Google Chases General Intelligence With New AI That Has a Memory

Humans are exceptionally good at transferring old skills to new problems. Machines, despite all their recent wins against humans, aren’t. This is partly due to how they’re trained: artificial neural networks like Google’s DeepMind learn to master a singular task and call it quits.
 
To learn a new task, it has to reset, wiping out previous memories and starting again from scratch.
 
This phenomenon, quite aptly dubbed “catastrophic forgetting,” condemns our AIs to be one-trick ponies.
 
Now, taking inspiration from the hippocampus, our brain’s memory storage system, researchers at DeepMind and Imperial College London developed an algorithm that allows a program to learn one task after another, using the knowledge it gained along the way.
 
When challenged with a slew of Atari games, the neural network flexibly adapted its strategy and mastered each game, while conventional, memory-less algorithms faltered.
 
“The ability to learn tasks in succession without forgetting is a core component of biological and artificial intelligence,” writes the team in their paper, which was published in the journal Proceedings of the National Academy of Sciences.
 
“If we’re going to have computer programs that are more intelligent and more useful, then they will have to have this ability to learn sequentially,” says study lead author Dr.

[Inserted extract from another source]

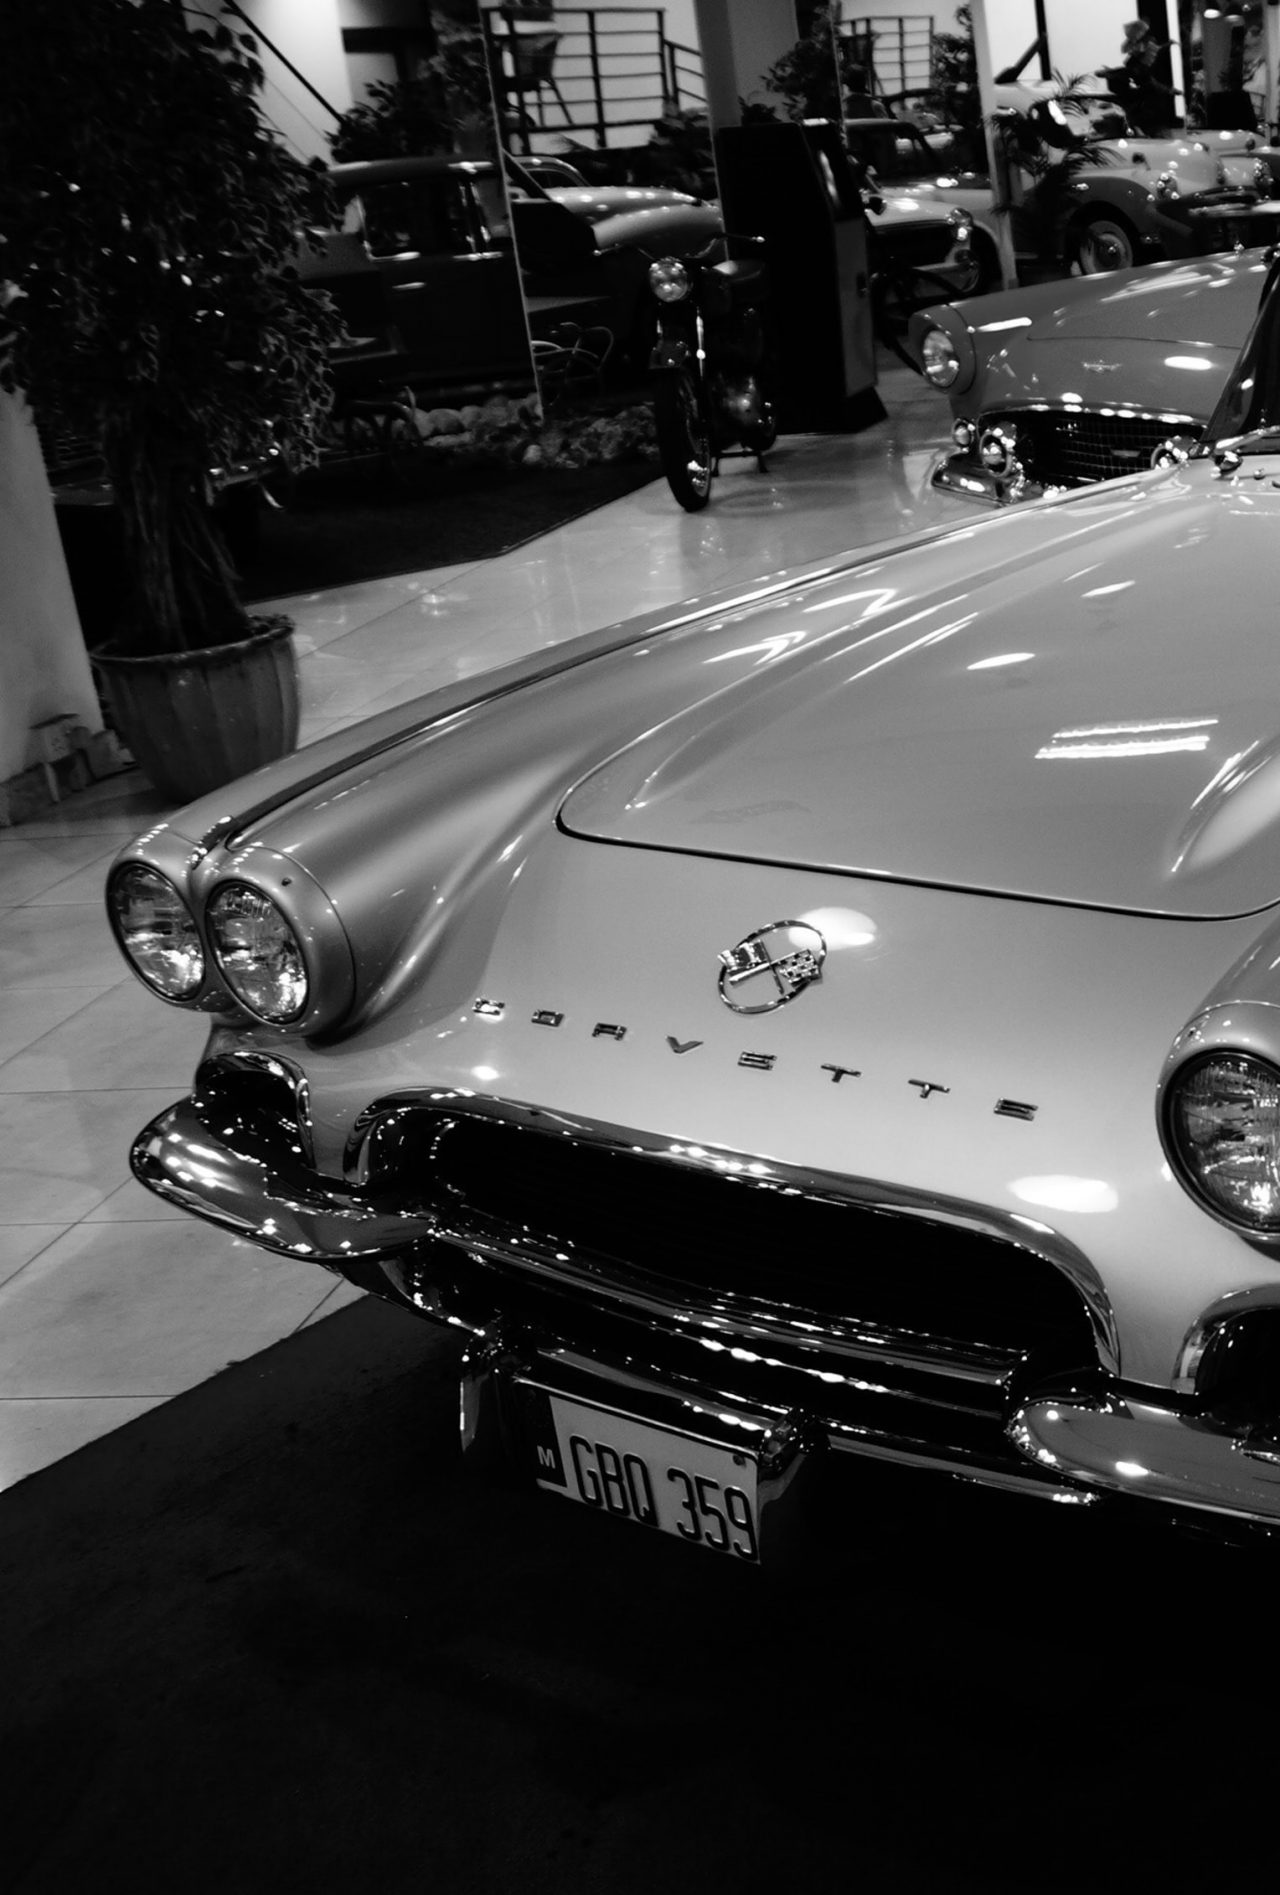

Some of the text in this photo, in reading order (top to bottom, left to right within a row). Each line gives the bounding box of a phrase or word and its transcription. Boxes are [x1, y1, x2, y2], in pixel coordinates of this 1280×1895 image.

[472, 996, 1039, 1121] CORVETTE
[536, 1444, 556, 1470] M
[569, 1434, 759, 1561] GBQ 359

James Kirkpatrick, adding that the study overcame a “significant shortcoming” in artificial neural networks and AI.
 
This isn’t the first time DeepMind has tried to give their AIs some memory power.
 
Last year, the team set their eyes on a kind of external memory module, somewhat similar to a human working memory, the ability to keep things in mind while using them to reason or solve problems.
 
Combining a neural network with a random access memory (better known as RAM), the researchers showed that their new hybrid system managed to perform multi-step reasoning, a type of task that’s long stumped conventional AI systems.
 
But it had a flaw: the hybrid, although powerful, required constant communication between the two components—not an elegant solution, and a total energy sink.
 
In this new study, DeepMind backed away from computer storage ideas, instead zooming deep into the human memory machine—the hippocampus—for inspiration.
 
And for good reason. Artificial neural networks, true to their name, are loosely modeled after their biological counterparts. Made up of layers of interconnecting neurons, the algorithm takes in millions of examples and learns by adjusting the connection between the neurons—somewhat like fine-tuning a guitar.
 
A very similar process occurs in the hippocampus. What’s different is how the connections change when learning a new task. In a machine, the weights are reset, and anything learned is forgotten.
 
In a human, memories undergo a kind of selection: if they help with subsequent learning, they become protected; otherwise, they’re erased. In this way, not only are memories stored within the neuronal connections themselves (without needing an external module), they also stick around if they’re proven useful.
 
This theory, called “synaptic consolidation,” is considered a fundamental aspect of learning and memory in the brain. So of course, DeepMind borrowed the idea and ran with it.